Hi,
I'm using a linkerscript file that I borrowed from another project.
MEMORY
{
FLASH (rx) : ORIGIN = 0x00000000, LENGTH = 256K
RAM (rwx) : ORIGIN = 0x1FFFF800, LENGTH = 8K
}
So far my applications haven't used much memory, so the 'artifical' limit of 8KB RAM isn't an issue (the device has 32KB), but I'd like to make the linkerscript reflect reality.
Is this correct for the MKL27Z256:
MEMORY
{
FLASH (rx) : ORIGIN = 0x00000000, LENGTH = 256K
RAM (rwx) : ORIGIN = 0x1FFFFE00, LENGTH = 32K
}
Does my code need to be aware of the split in the SRAM? If it does, should I set my RAM ORIGIN to be 0x2000_0000 and have a size of 24K?
Solved! Go to Solution.
Hi Joey Gouly
SRAM is divided into 2 Blocks, 1/4 is allocated SRAM_L and 3/4 is allocated to SRAM_U, in this case is from 0x1FFFE000 to 0x1FFFFFFF and from 0x20000000 to 0x200005FFF. Problem here is when any object is stored sharing both sections, if this case occurs, we need to modify linker file to allocate a dummy section/variable in this limit to avoid any crashing due SRAM access.

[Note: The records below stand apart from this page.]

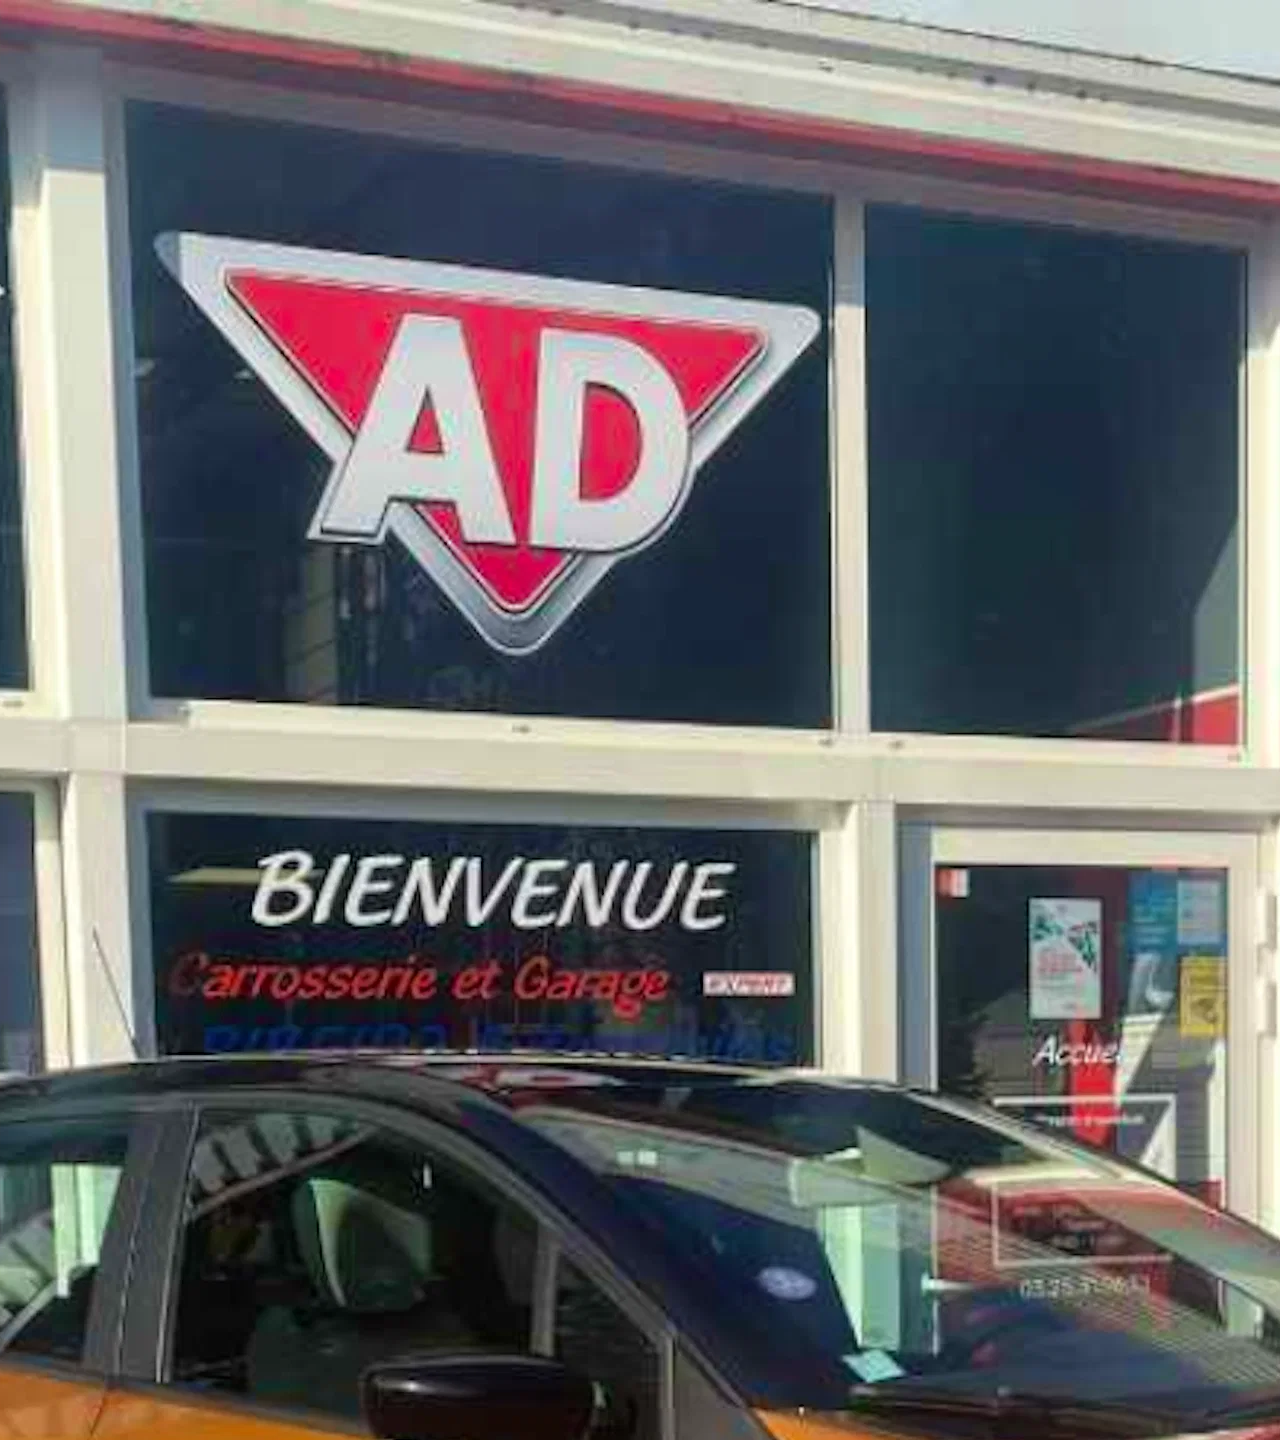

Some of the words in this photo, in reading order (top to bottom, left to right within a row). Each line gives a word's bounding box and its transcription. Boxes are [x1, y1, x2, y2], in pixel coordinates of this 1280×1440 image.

[320, 313, 692, 553] AD
[252, 850, 737, 931] BIENVENUE
[169, 951, 438, 1001] Carrosserie
[452, 960, 503, 1000] et
[513, 953, 671, 1019] Garage
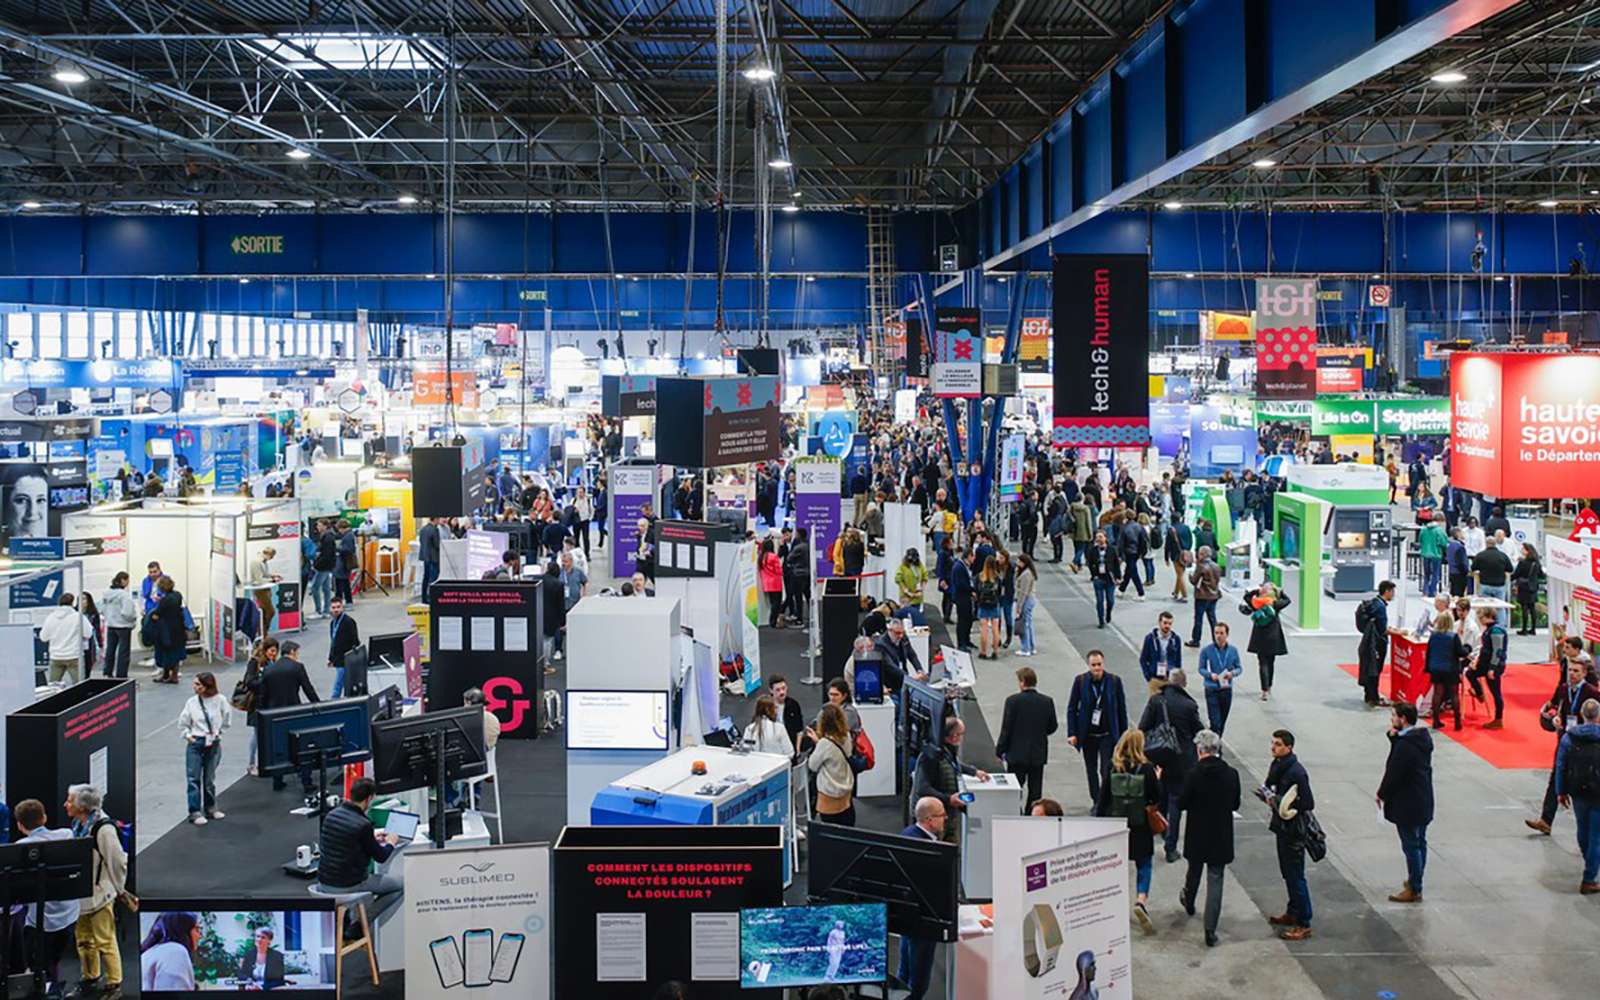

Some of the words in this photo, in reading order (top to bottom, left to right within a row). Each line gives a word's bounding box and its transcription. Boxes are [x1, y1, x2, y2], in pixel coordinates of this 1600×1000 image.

[240, 235, 283, 253] SORTIE
[525, 291, 547, 301] SORTIE
[1260, 283, 1313, 317] t&f
[1091, 268, 1110, 412] tech&human
[1520, 395, 1600, 423] haute
[1320, 411, 1339, 424] Life
[1351, 410, 1369, 424] On
[1382, 409, 1452, 423] Schneider
[0, 427, 21, 436] ctual
[720, 431, 746, 440] COMMENT
[1520, 424, 1600, 445] savoi
[720, 439, 736, 447] NOUS
[1520, 449, 1533, 461] le
[1075, 850, 1098, 860] charge
[587, 863, 649, 873] COMMENT
[651, 863, 674, 873] LES
[676, 863, 752, 873] DISPOSITIFS
[439, 873, 516, 887] SUBLIMED
[594, 875, 669, 886] CONNECTÉS
[671, 876, 745, 886] SOULAGENT
[1067, 869, 1091, 881] douleur
[463, 894, 494, 903] thérapie
[495, 892, 534, 900] connectée
[627, 889, 643, 899] LA
[645, 889, 703, 899] DOULEUR
[705, 889, 712, 899] ?

This characteristic is because they are accessed from different buses (and sometimes their power supply are from difference sources) so we have to be sure that any object (variable, structure) is not stored by overlapping both sections, for example, next image shows a scenario where a 32-bit variable is stored between these blocks:
In this case, there would be an access problem and program would crash.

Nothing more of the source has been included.